Propolis

Ein Produkt aus dem Bienenvolk

Noch vor 20 Jahren kaum beachtet – obwohl es das älteste Antibiotikum der Welt ist und es gilt heute als äußert wertvolles Spezialprodukt aus dem Bienenvolk.

Propolis ist eine von den Bienen hergestellte harzartige Masse mit antibiotischer, antimykotischer und virostatischer Wirkung. Ein Gemisch aus vielen unterschiedlichen Stoffen, deren Zusammensetzung stark variieren kann. Der Grundstoff wird von Honigbienen als Harz von verschiedenen Bäumen gesammelt. Weiterverarbeitet, mit etwa 30% Wachs, etwa 5% Pollen, 10% ätherischen Ölen aus Blütenknospen und Speichelsekret (Fermenten) angereichert, handelt es sich um ein bei Stocktemperatur klebriges Baumaterial.

 

Warum ist Propolis so wichtig für die Bienen?

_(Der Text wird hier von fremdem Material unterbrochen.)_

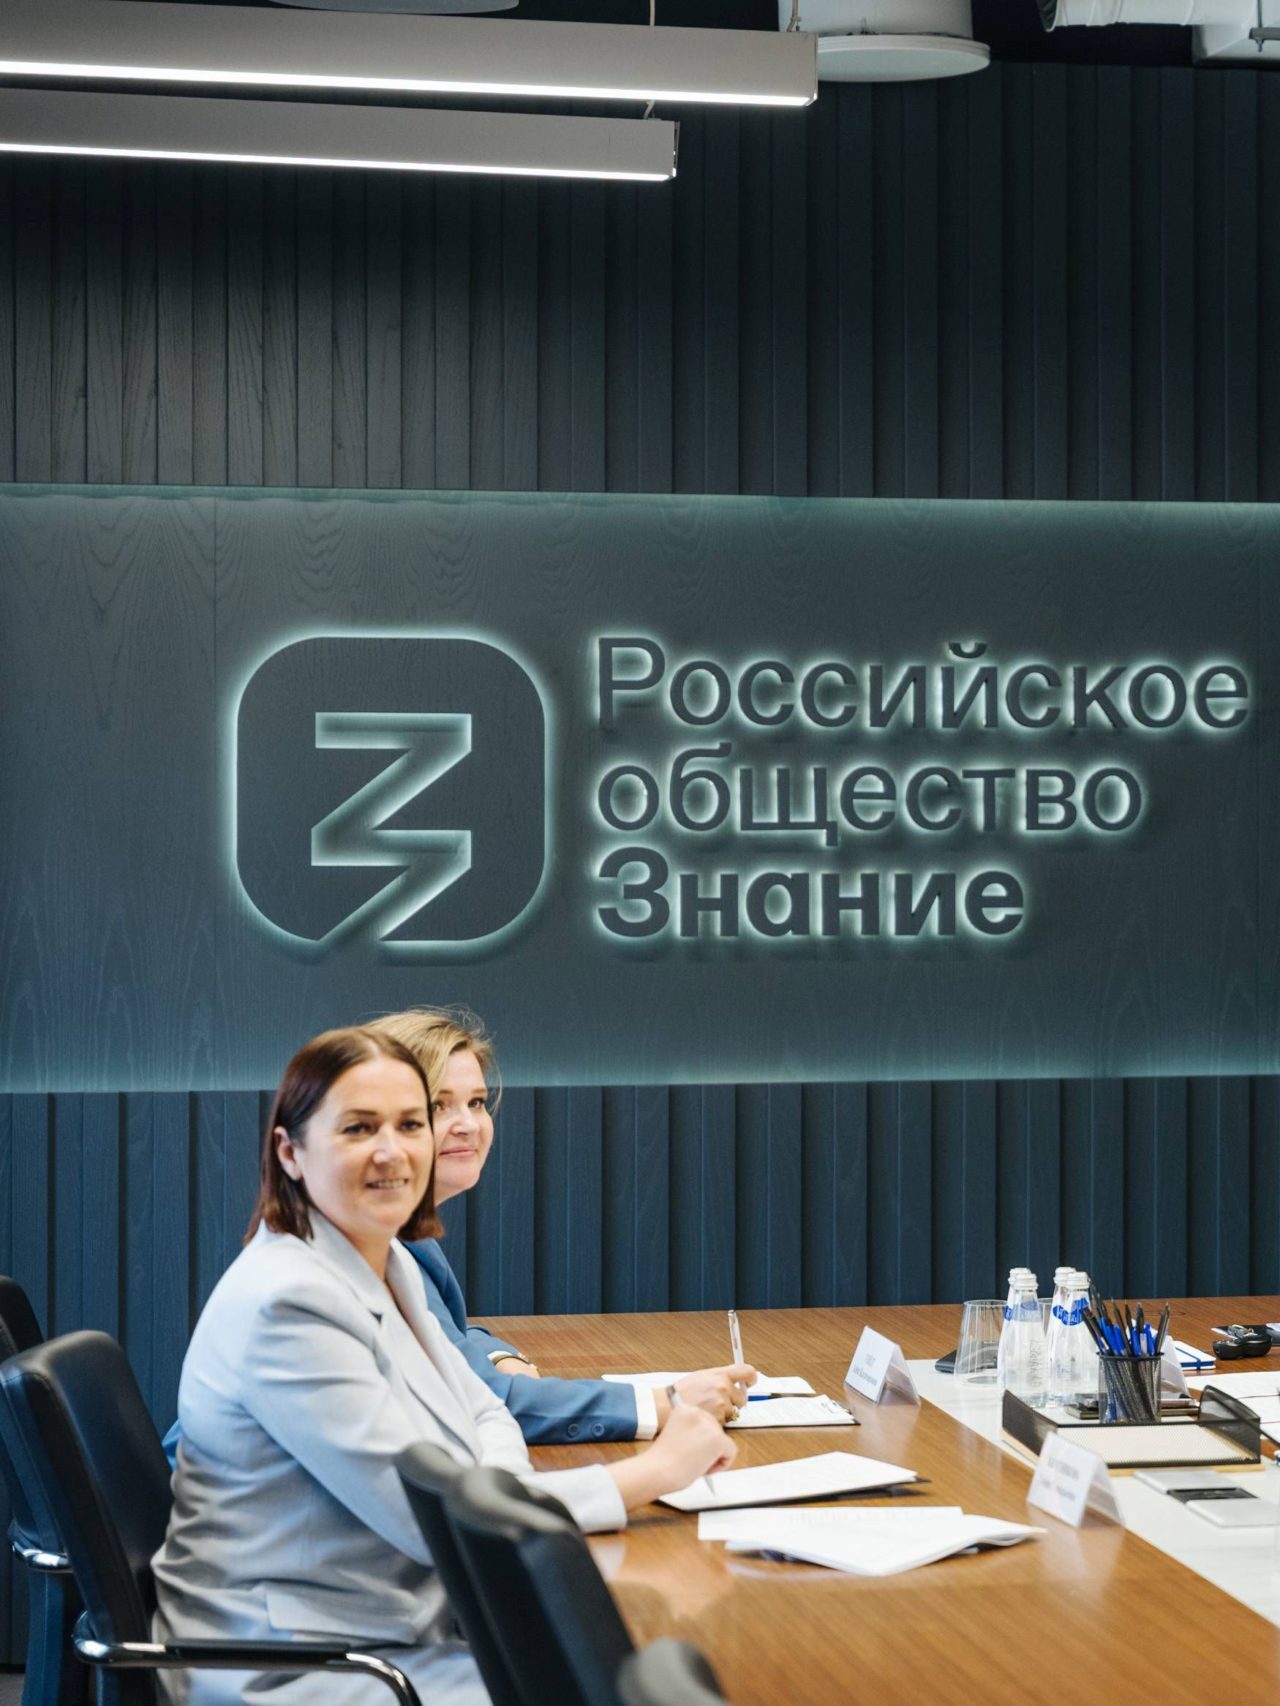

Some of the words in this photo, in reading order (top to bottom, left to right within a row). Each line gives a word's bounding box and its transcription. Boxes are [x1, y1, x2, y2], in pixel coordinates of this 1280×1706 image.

Da im Bienenstock die Insekten auf engem Raum bei etwa 35 °C und hoher Luftfeuchtigkeit zusammenleben, herrschen ideale Bedingungen für die Ausbreitung von Krankheiten. Deshalb dient Propolis den Bienen zum Abdichten von Spalten und Ritzen sowie gleichzeitig dazu, eingeschleppte Bakterien, Pilze und andere Mikroorganismen in ihrer Entwicklung zu hemmen oder abzutöten.

 

So wird Propolis gewonnen

Propolis wird durch das Auflegen eines speziellen feinmaschigen Kunststoffgitters gewonnen. Die Bienen verkitten diese störenden Zwischenräume und so kann der Imker das wertvolle Propolis ernten.

 

In welcher Form können wir Menschen Propolis nützen?

  • Naturpropolis in kleinen Mengen gemeinsam mit Entdeckelungswachs kauen.
  • In gelöster Form in Alkohol, gemeinsam mit einem Teelöfferl Honig oder auf ein Stück Brot.  

Bitte geben Sie die Propolistropfen nicht in ein Glas Wasser, Tee etc., der größte Teil der in Alkohol gelösten Wertsubstanz verbleibt im/am Glas!

  • Feinst gemahlen und untermengt im Cremehonig
  • Wertsubstanz in der Propoliscreme
  • Propolisverdampfung - zur Raumhygiene und für Inhalationen.

BITTE BEACHTEN SIE: Propolis-Produkte können eine sehr positive heilsame Wirkung haben. Bei ernsthaften Erkrankungen ist jedoch unbedingt ärztlicher Rat einzuholen. Nur der Arzt / die Ärztin darf eine Diagnose stellen und die Behandlung einleiten.